Whether you and your spouse have been married 10, 20 or more years, if issues have come between you that you’ve determined you cannot resolve, you might be in the process of considering your options for divorce. If so, you’re definitely not alone in your discernment, as many Texas residents are likely navigating similar circumstances at this time.
It’s good to know there are numerous options when it comes to settling what you need to settle and laying the groundwork to move on in life in separate directions from each other. If you have children, their well-being is undoubtedly one of your highest priorities. Their best interests may greatly influence the decisions you make regarding how to obtain an official settlement.
Divorce need not always be so nasty
You’ve likely heard horror stories about long, acrimonious court battles where spouses who wish to divorce become entangled in a contentious legal mess as they fight over property division, child custody or other important issues.
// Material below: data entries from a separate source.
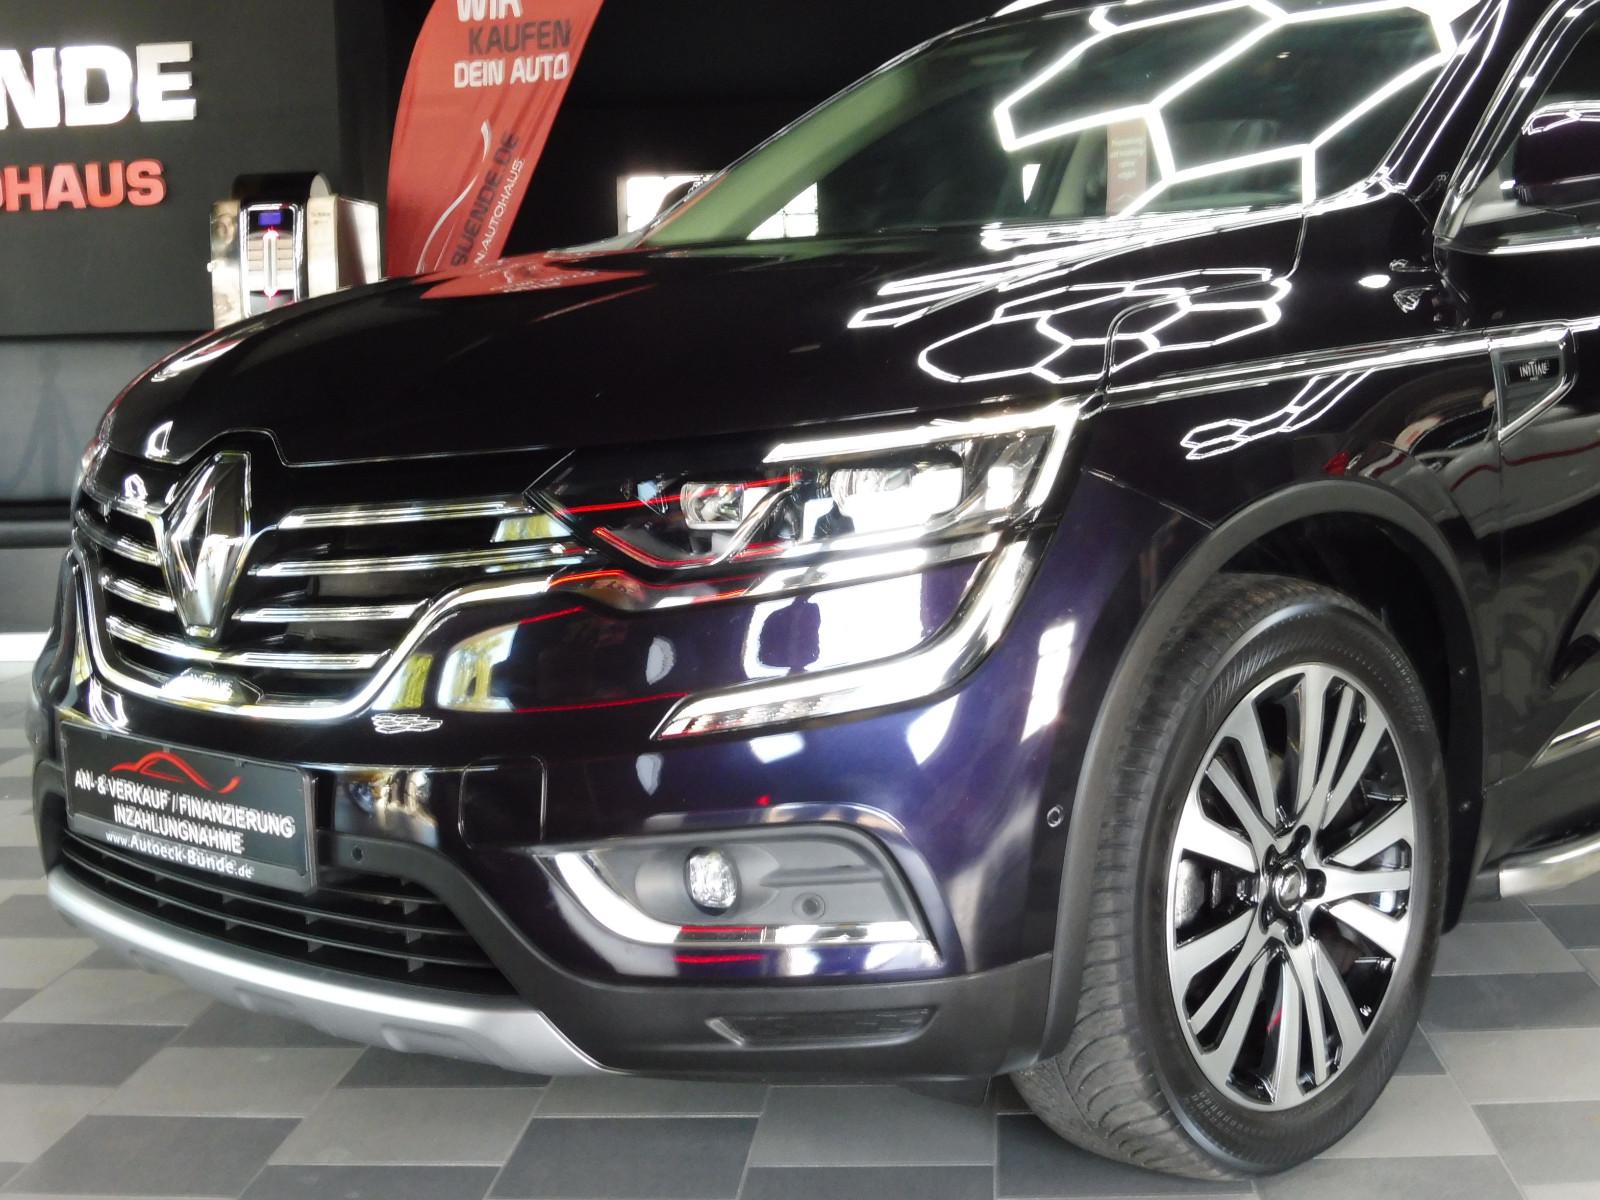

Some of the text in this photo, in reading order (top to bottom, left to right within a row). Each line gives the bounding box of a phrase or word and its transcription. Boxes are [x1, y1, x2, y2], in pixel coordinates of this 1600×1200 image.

[468, 19, 572, 55] KAUFEN
[453, 52, 570, 88] DEIN AUTO
[0, 159, 166, 212] HAUS
[97, 775, 107, 795] &
[108, 777, 170, 810] VERKAUF
[179, 794, 295, 838] FINANZIERUNG
[114, 803, 244, 854] INZAHLUNGNAHME
[105, 831, 254, 878] www.Autoeck-Bünde.de
You can take comfort in knowing that it’s often possible to peacefully settle differences to achieve a fair and agreeable divorce settlement. In fact, you may not ever even have to step foot inside a courtroom.
Why many parents choose to mediate a divorce
Your kids may be the primary reason you’d want to consider mediation as an alternative dispute resolution option in divorce. Most children have overheard or witnessed their parents arguing at some point in their lives. However, studies show that parental conflict can be an impediment to a child’s ability to cope with divorce. This is one of many reasons a lot of parents choose the mediation option.
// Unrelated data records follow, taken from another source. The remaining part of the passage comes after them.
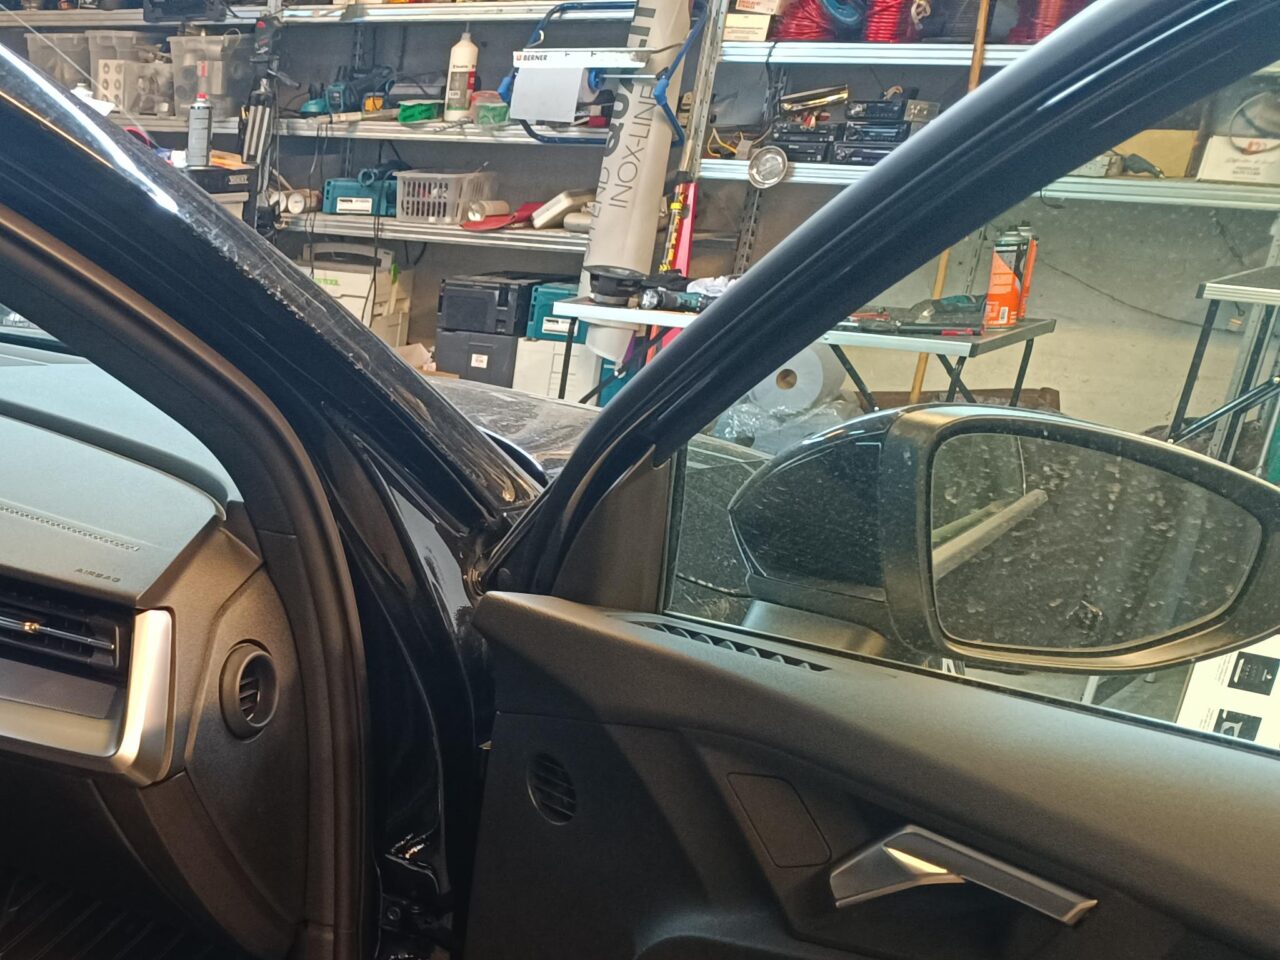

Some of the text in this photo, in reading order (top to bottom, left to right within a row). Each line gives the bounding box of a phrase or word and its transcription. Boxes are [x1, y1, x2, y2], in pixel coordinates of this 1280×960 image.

[522, 54, 548, 62] BERNER
[609, 84, 657, 209] INOX-LINE
[75, 568, 121, 583] AIRBAG
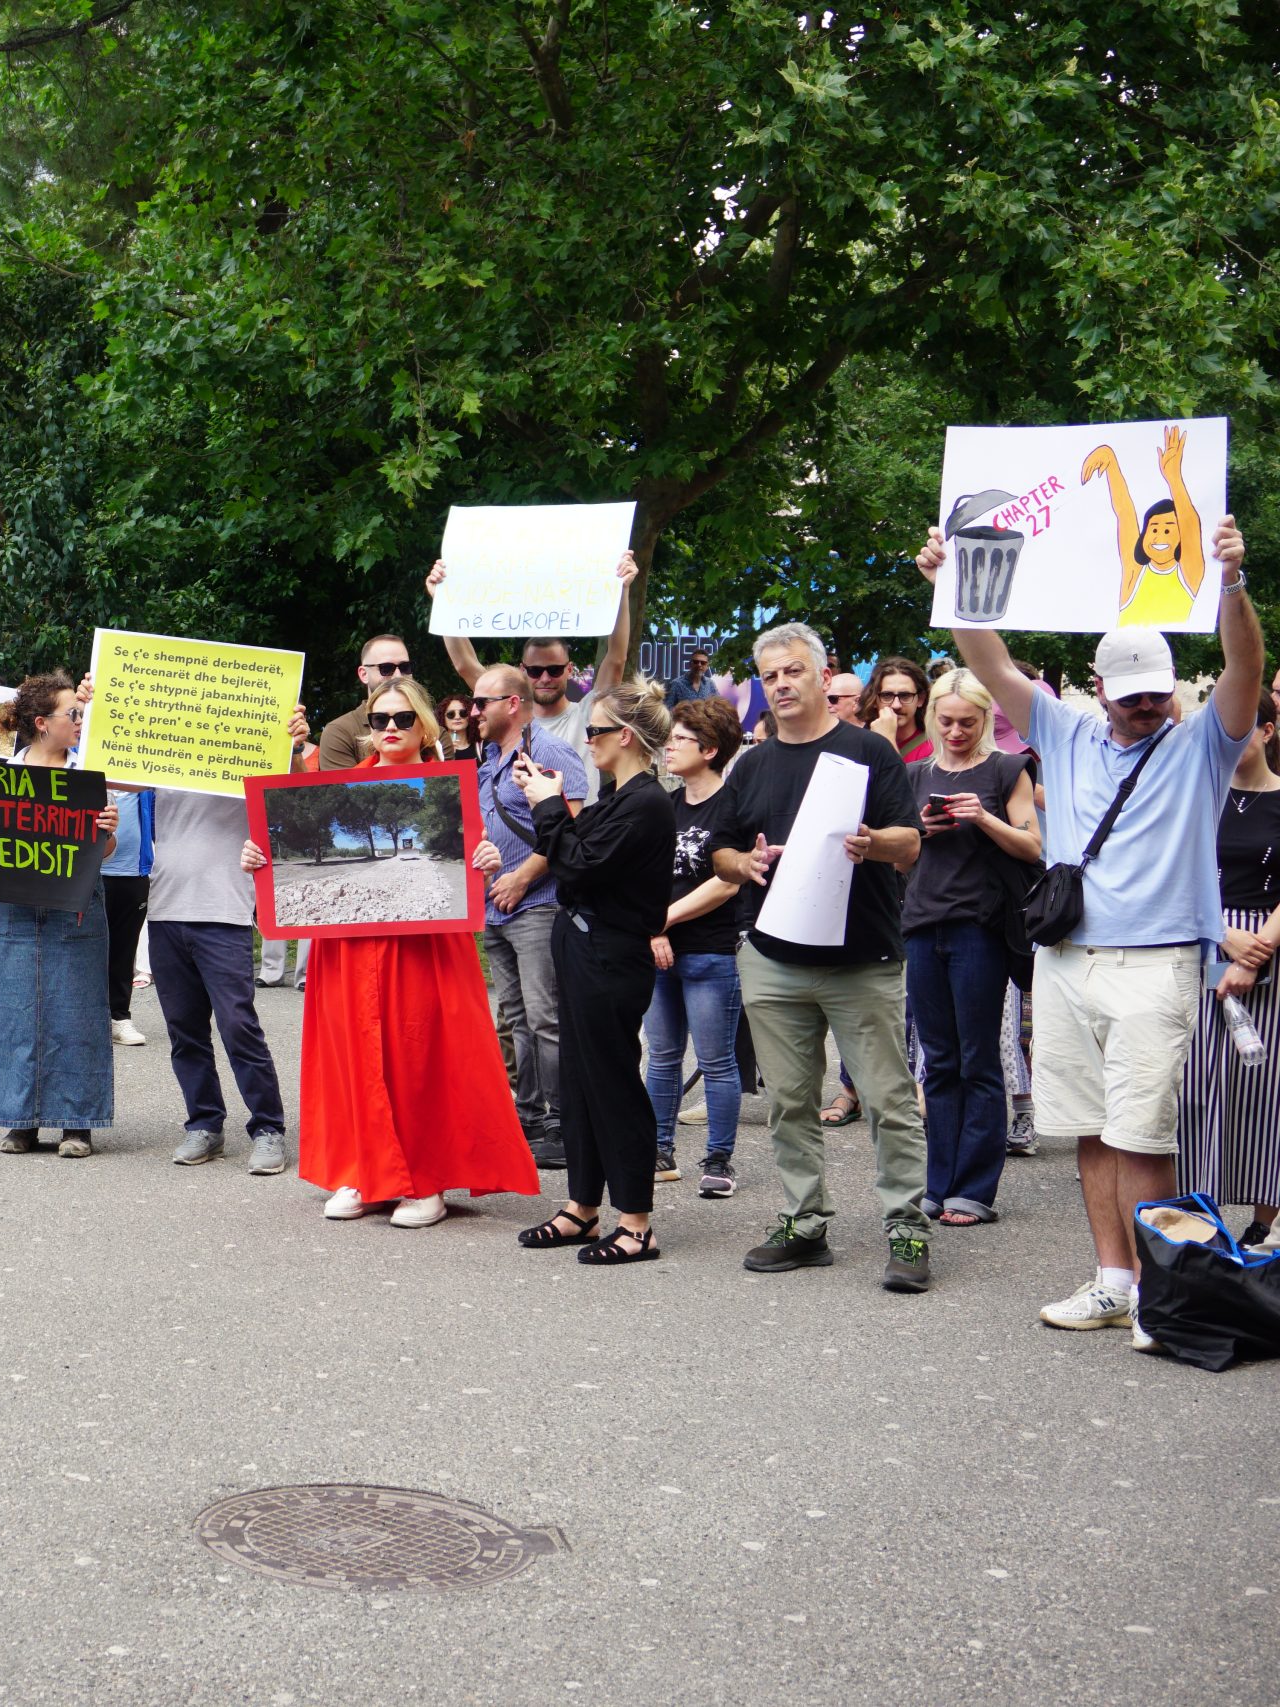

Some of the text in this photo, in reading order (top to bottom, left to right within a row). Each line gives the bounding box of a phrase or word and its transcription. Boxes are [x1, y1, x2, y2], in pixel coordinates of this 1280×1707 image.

[993, 476, 1065, 532] CHAPTER
[1026, 505, 1050, 536] 27
[458, 613, 483, 630] në
[114, 646, 284, 677] Se ç'e shempnë derbederët,
[122, 663, 272, 691] Mercenarët dhe bejlerët,
[110, 677, 280, 709] Se ç'e shtypnë jabanxhinjtë,
[104, 693, 281, 725] Se ç'e shtrythnë fajdexhinjtë,
[109, 709, 272, 740] Se ç'e pren' e se ç'e vranë,
[101, 740, 133, 753] Nënë
[136, 744, 192, 760] thundrën
[208, 753, 273, 770] përdhunës
[112, 725, 266, 755] Ç'e shkretuan anembanë,
[107, 757, 137, 769] Anës
[142, 760, 185, 777] Vjosës,
[189, 767, 217, 779] anës
[50, 769, 68, 801] E
As a parent, no one has to tell you how expensive it is to raise a family in 2020. Thus, keeping expenses as low as possible no doubt sounds like a great idea if you’re planning to divorce. Mediation is often the least expensive means to achieve a settlement. If you and your spouse want to avoid conflict, this option may work best as well because, to mediate a divorce, you must agree to discuss the issues without confrontation and to try to amicably achieve an agreement without litigation.
You don’t have to go it alone
A neutral party can help you facilitate your mediation discussions to promote peaceful negotiations that lead to an agreement that will forge a path to a continued non-confrontational co-parenting relationship down the line. You can rely on experienced support to help you avoid the high emotional and financial cost of a litigated divorce.